SuperAbile







Reato di parcheggio

15 aprile 2017

E’ vero, gli obblighi e le minacce di sanzione non sono forse il modo più lineare per cambiare la mentalità di una società e per promuovere comportamenti virtuosi, ma quando i comportamenti virtuosi tardano ad arrivare anche gli obblighi e  le minacce di sanzione servono allo scopo. E’ così che si può salutare la sentenza con cui la V Sezione penale della Suprema Corte di Cassazione ha indicato come “ violenza privata” – un reato vero e proprio -  l’occupazione con la propria auto del posto riservato a una persona disabile.
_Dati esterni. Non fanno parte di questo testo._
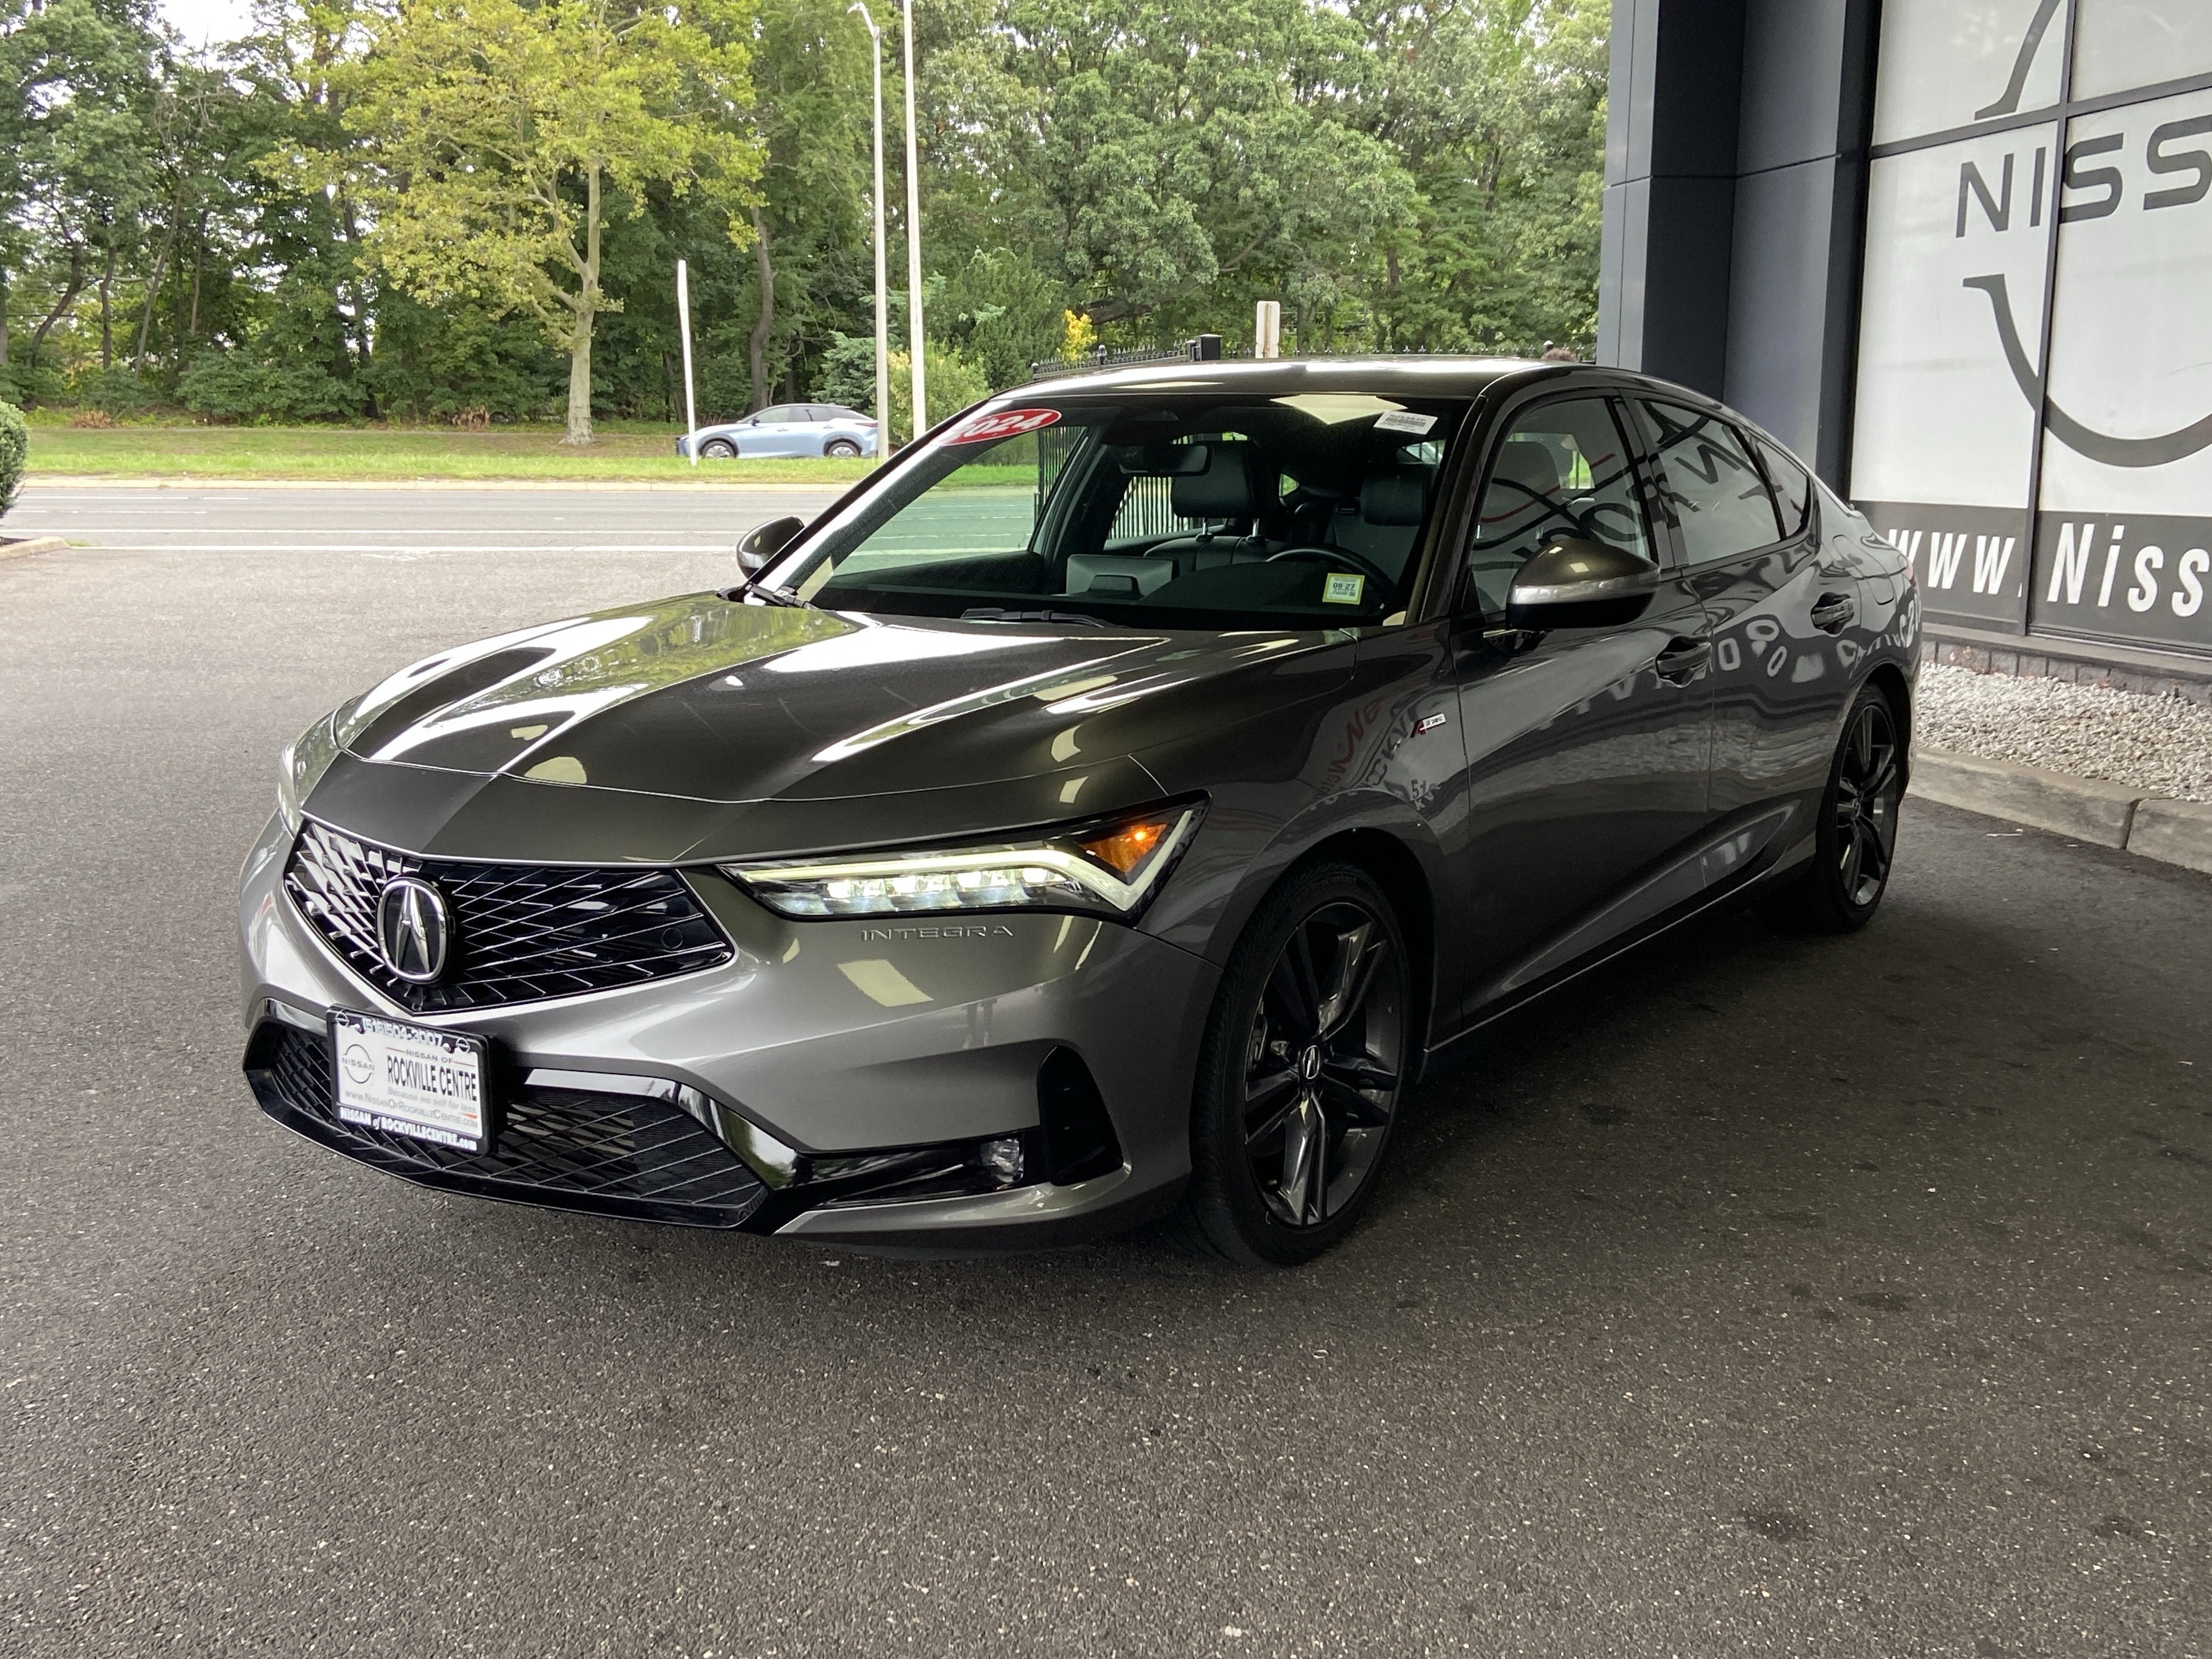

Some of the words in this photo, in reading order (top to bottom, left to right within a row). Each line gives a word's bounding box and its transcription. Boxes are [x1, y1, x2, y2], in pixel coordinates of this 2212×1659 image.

Una sentenza che si riferisce ad un parcheggio (stallo) di sosta personalizzato, dato in concessione alla titolare del contrassegno di parcheggio per disabili (Cude) dal comune di residenza, come previsto dalla normativa vigente, e che crea un precedente importantissimo per quanto riguarda la tutela dei diritti delle persone con disabilità o con ridotta mobilità titolari di uno parcheggio (stallo) di sosta riservato personalizzato.
 
La sentenza vale per il caso concreto, ma certamente rappresenta una pronuncia importante che avrà ricadute nel futuro. E’ un altro piccolo tassello per il rispetto non solo degli stalli personalizzati, ma anche di quelli generici, che anche e più di quelli personalizzati sono troppo spesso occupati da persone che non ne hanno alcuna titolarità. Libertà di parcheggio, dunque, ma anche rispetto delle regole.